Ann Dyer Earns Certification through Medical Library Association
WSU Health Sciences Library Director Ann Dyer has earned the Systematic Review Services Specialization (SRSS) certificate (Level I) through the Medical Library Association (MLA). SRSS certification provides information retrieval and management skills to support users and researchers in conducting high-quality and reproducible systematic reviews.
Dyer said she pursued the SRSS certificate from MLA to support secondary research in WSU’s health sciences. The library launched a new evidence synthesis service last fall, and Dyer wanted the expertise to manage the service, including best practices for the workflow, the internal peer-review process, communication with researchers, acquiring relevant software, and more.

“As part of our service, each librarian contributes as co-author on evidence synthesis projects such as systematic or scoping reviews,” she said. “Therefore, we each need to have up-to-date technical skills in developing a replicable search methodology.
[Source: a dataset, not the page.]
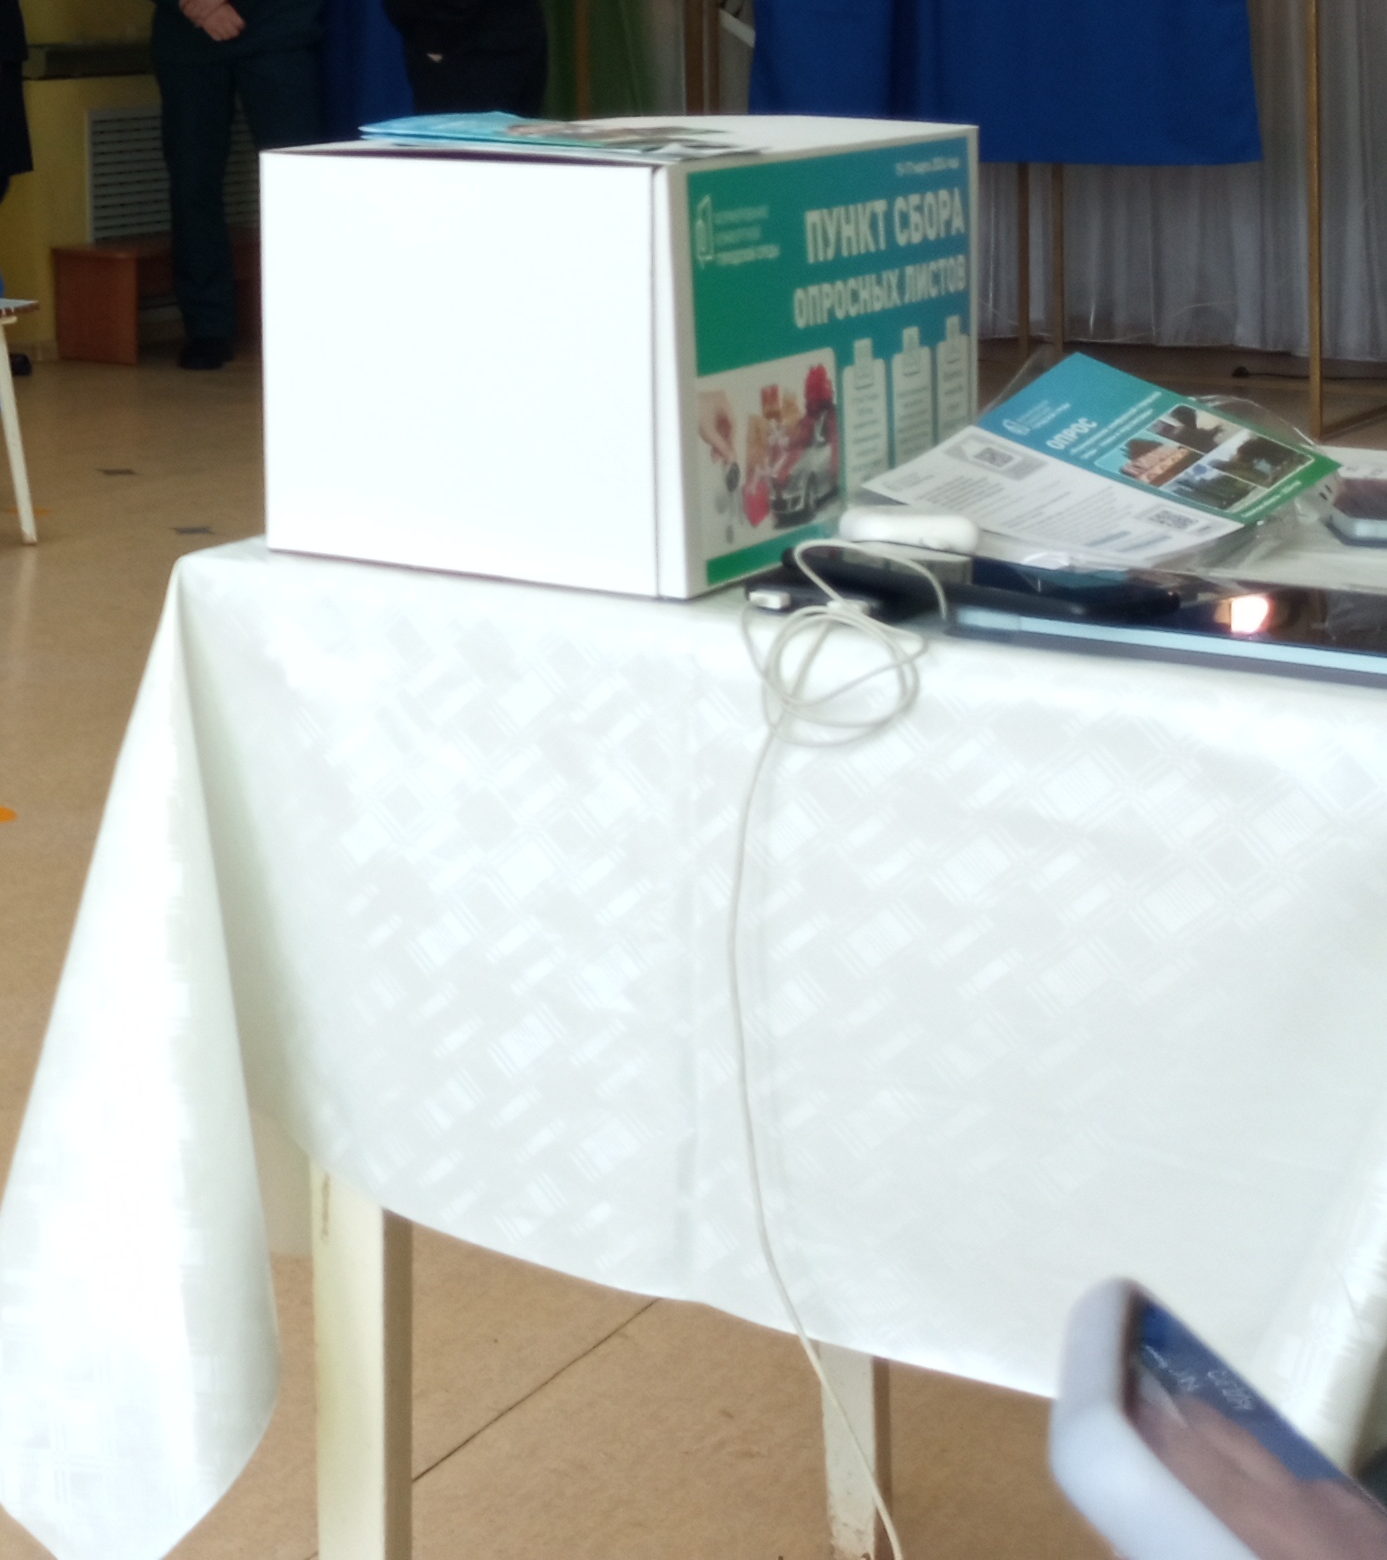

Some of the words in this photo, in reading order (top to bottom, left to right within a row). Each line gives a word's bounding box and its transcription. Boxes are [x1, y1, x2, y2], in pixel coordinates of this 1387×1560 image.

This specialization included many relevant skill-building classes on these search techniques, which helps us improve the quality of secondary research coming out of WSU’s health sciences.”
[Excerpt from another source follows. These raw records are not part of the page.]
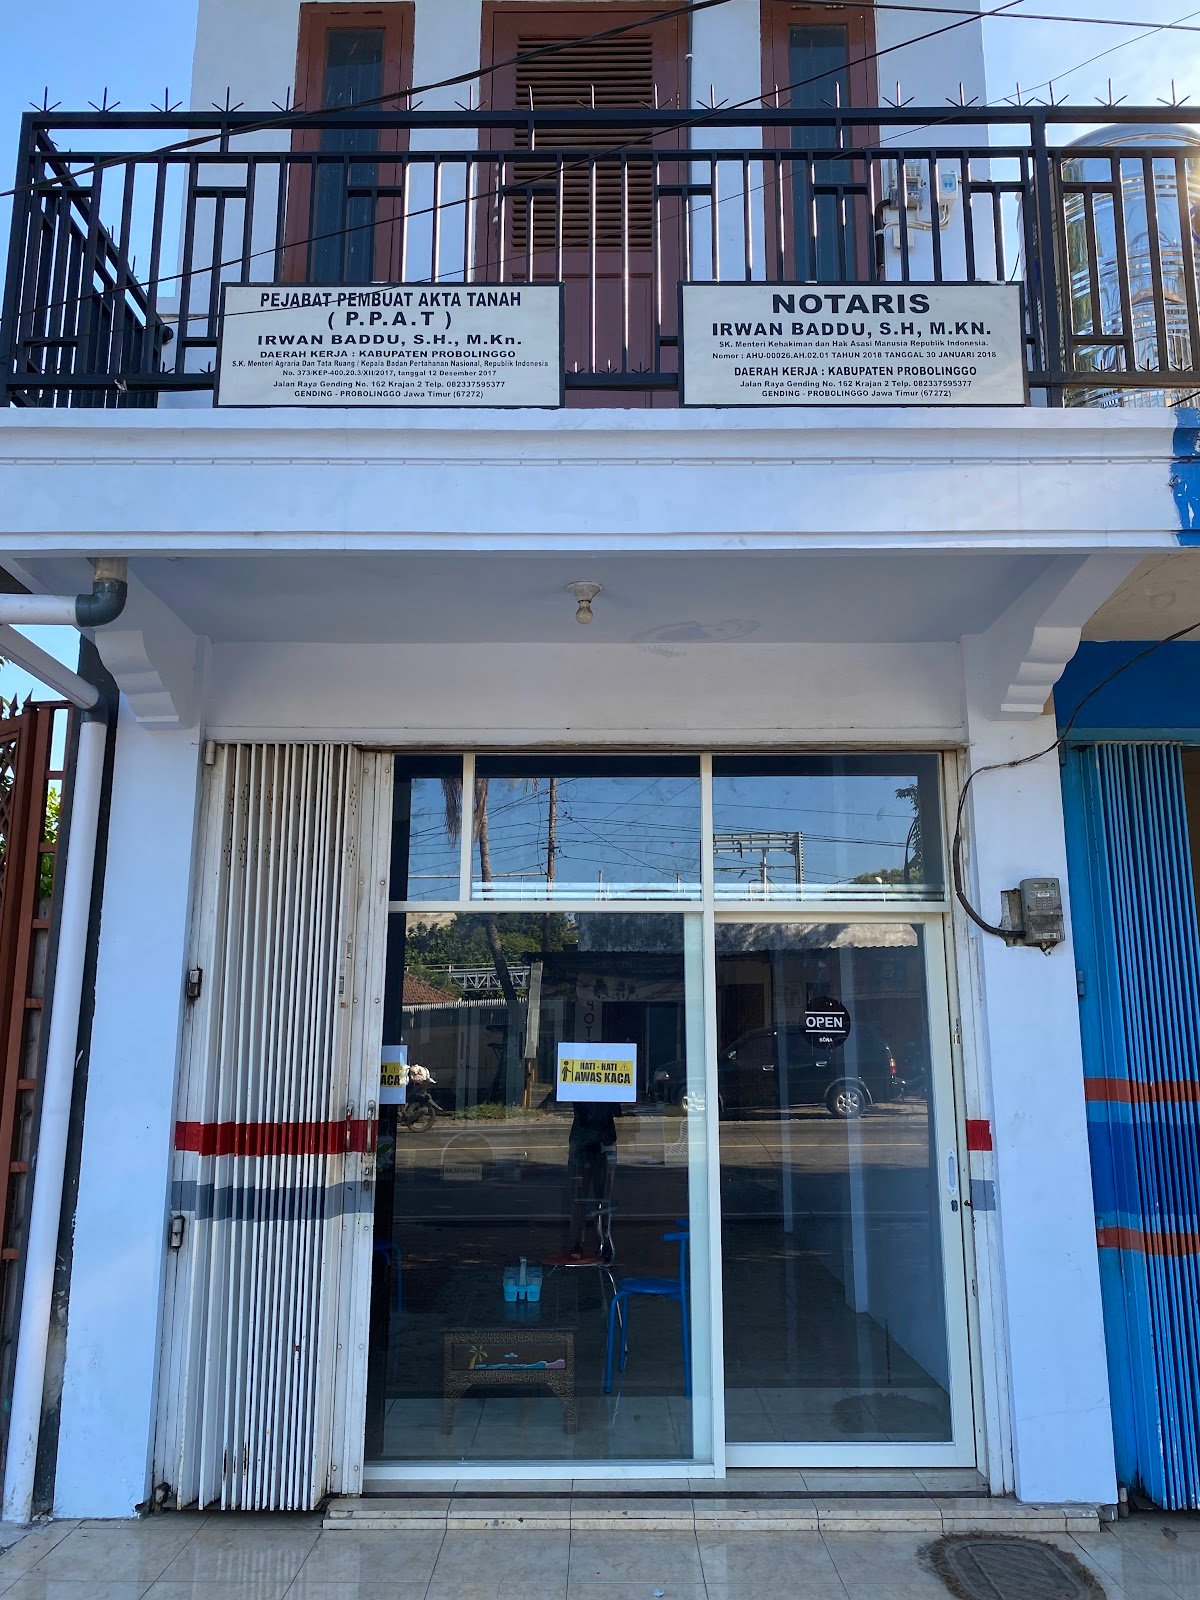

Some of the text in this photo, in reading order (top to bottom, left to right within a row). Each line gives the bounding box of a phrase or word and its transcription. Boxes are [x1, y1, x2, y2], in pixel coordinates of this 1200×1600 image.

[260, 292, 521, 308] PEJABAT PEMBUAT AKTA TANAH
[772, 293, 931, 315] NOTARIS
[712, 321, 992, 339] IRWAN BADDU, S.H, M.KN.
[257, 334, 522, 347] IRWAN BADDU, S.H., M.Kn.
[910, 340, 945, 348] Republik
[310, 350, 348, 358] KERJA
[359, 350, 428, 358] KABUPATEN
[431, 350, 516, 358] PROBOLINGGO
[231, 360, 246, 368] S.K.
[275, 360, 300, 369] Agraria
[334, 360, 355, 369] Ruang
[361, 360, 384, 369] Kepala
[450, 360, 482, 368] Nasional,
[484, 360, 514, 369] Republik
[398, 370, 426, 378] tanggal
[734, 366, 779, 377] DAERAH
[782, 366, 819, 377] KERJA
[828, 366, 894, 377] KABUPATEN
[897, 366, 977, 377] PROBOLINGGO
[298, 381, 318, 389] Raya
[319, 381, 353, 389] Gending
[388, 381, 415, 389] Krajan
[425, 381, 444, 389] Telp.
[764, 381, 785, 389] Raya
[787, 381, 820, 389] Gending
[855, 381, 882, 389] Krajan
[892, 380, 911, 388] Telp.
[453, 391, 484, 399] (67272)
[920, 390, 952, 398] (67272)
[805, 1016, 843, 1028] OPEN
[580, 1062, 596, 1071] HATI
[601, 1063, 617, 1072] HATI
[575, 1071, 631, 1084] AWAS KACA
The MLA, along with a workgroup of experts on systematic reviews and review services, developed the SRSS tailored to librarians’ needs and launched it in 2022. According to a 2024 article in the Journal of the Medical Library Association, “Designing a Framework for Curriculum Building in Systematic Review Competencies for Librarians: A Case Report,” one of the required courses in the specialization was developed by the authors, who set out to build a value-added curriculum that would provide essential searching skills for librarians working in evidence synthesis domains.
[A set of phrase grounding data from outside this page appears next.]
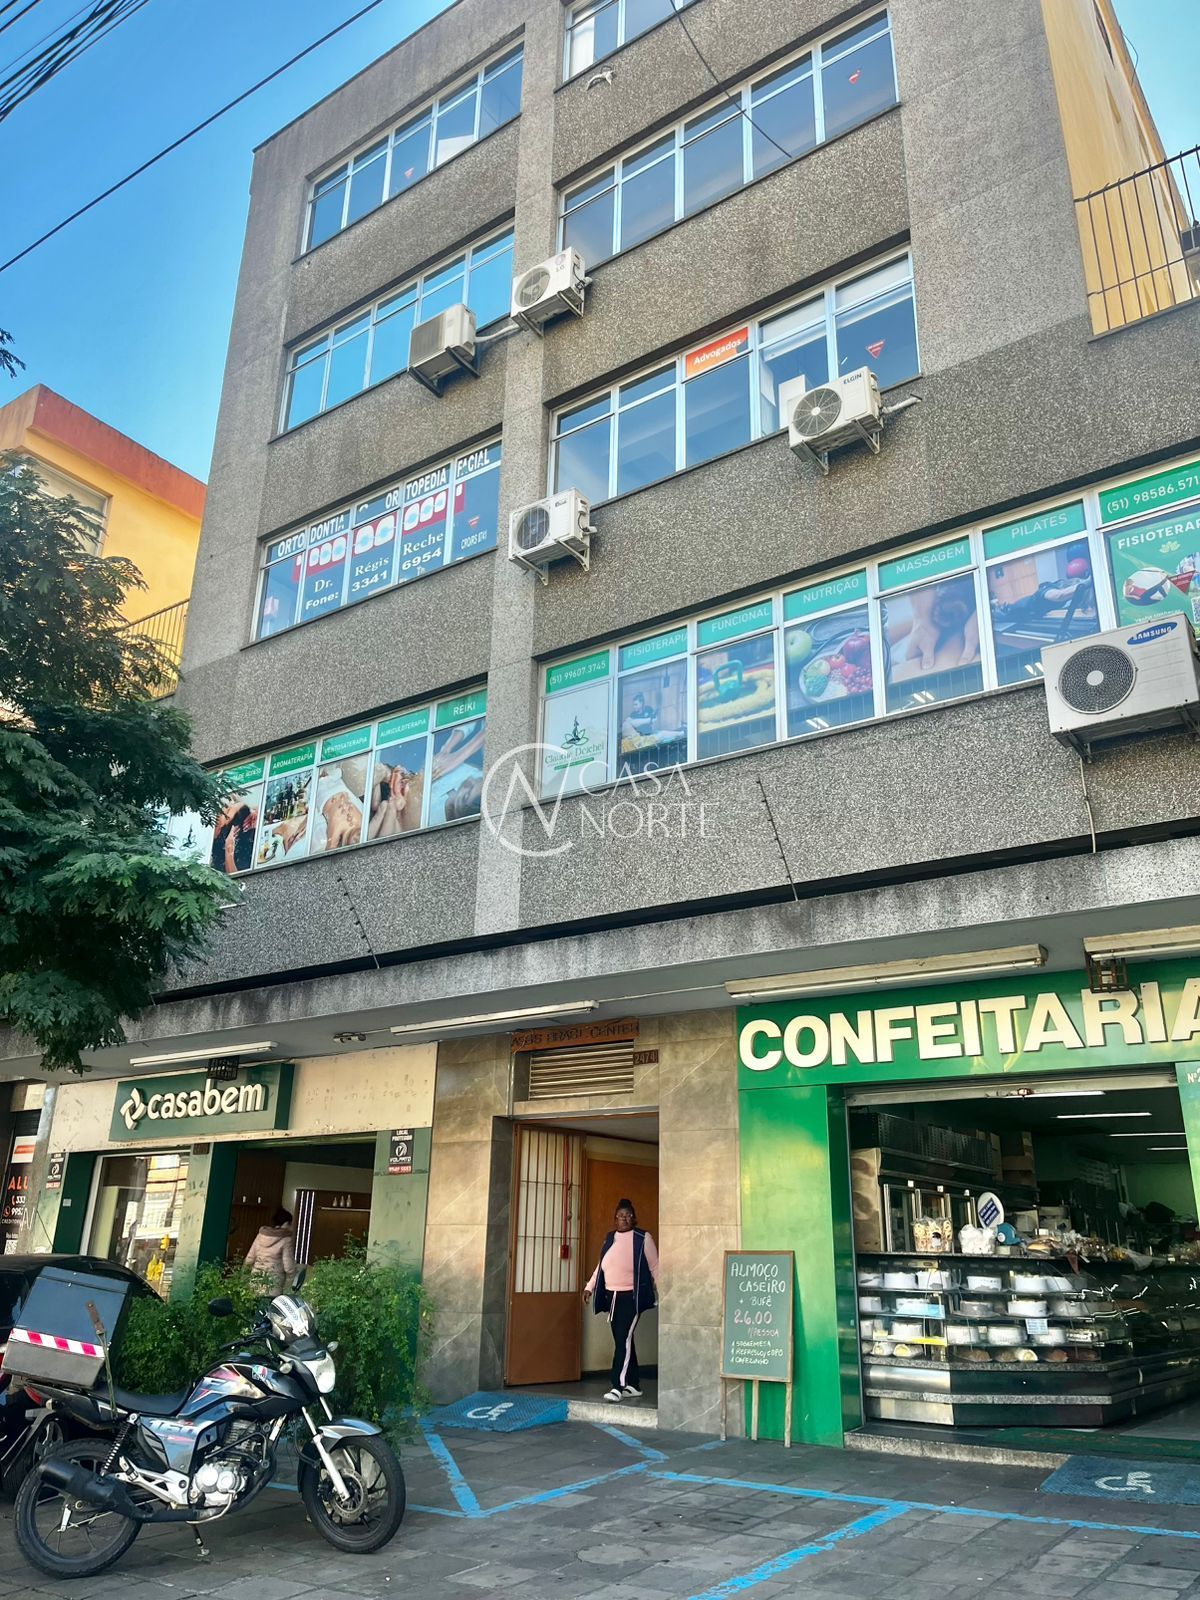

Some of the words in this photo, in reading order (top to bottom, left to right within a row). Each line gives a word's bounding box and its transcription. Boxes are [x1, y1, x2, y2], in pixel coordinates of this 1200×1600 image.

[693, 338, 742, 365] Advogados
[843, 372, 862, 384] ELGIN
[1107, 497, 1129, 514] (51)
[1010, 512, 1068, 539] PILATES
[314, 577, 333, 593] Dr.
[354, 555, 390, 578] Régis
[403, 531, 444, 556] Reche
[895, 543, 965, 574] MASSAGEM
[305, 591, 339, 610] Fone:
[351, 570, 388, 592] 3341
[402, 548, 442, 572] 6954
[802, 577, 859, 604] NUTRIÇÃO
[711, 607, 770, 632] FUNCIONAL
[549, 672, 563, 687] (51)
[453, 701, 476, 717] REIKI
[324, 736, 368, 754] VENTOSATERAPIA
[272, 753, 313, 769] AROMATERAPIA
[147, 1080, 263, 1120] casabem
[730, 1262, 779, 1281] ALMOÇO
[734, 1309, 773, 1325] 26.00
The course aligns with six systematic review competencies for librarians developed and published by a group of health science librarians from the University of Michigan in 2017:
- Conducting a reference interview
- Performing preliminary searches
- Selecting appropriate resources to search
- Building an extensive, comprehensive, and documented search strategy
- Peer-reviewing search strategies, and
- Reporting search methods
“As evidence synthesis methodologies continue to evolve, author teams cannot overlook the profound impact of librarians and their search expertise in supporting evidence synthesis methodologies,” the 2024 case report authors concluded. “The development of proficient searching skills and searching instruction techniques among librarians is essential for mitigating bias, ensuring credibility, and upholding the integrity of published evidence syntheses.”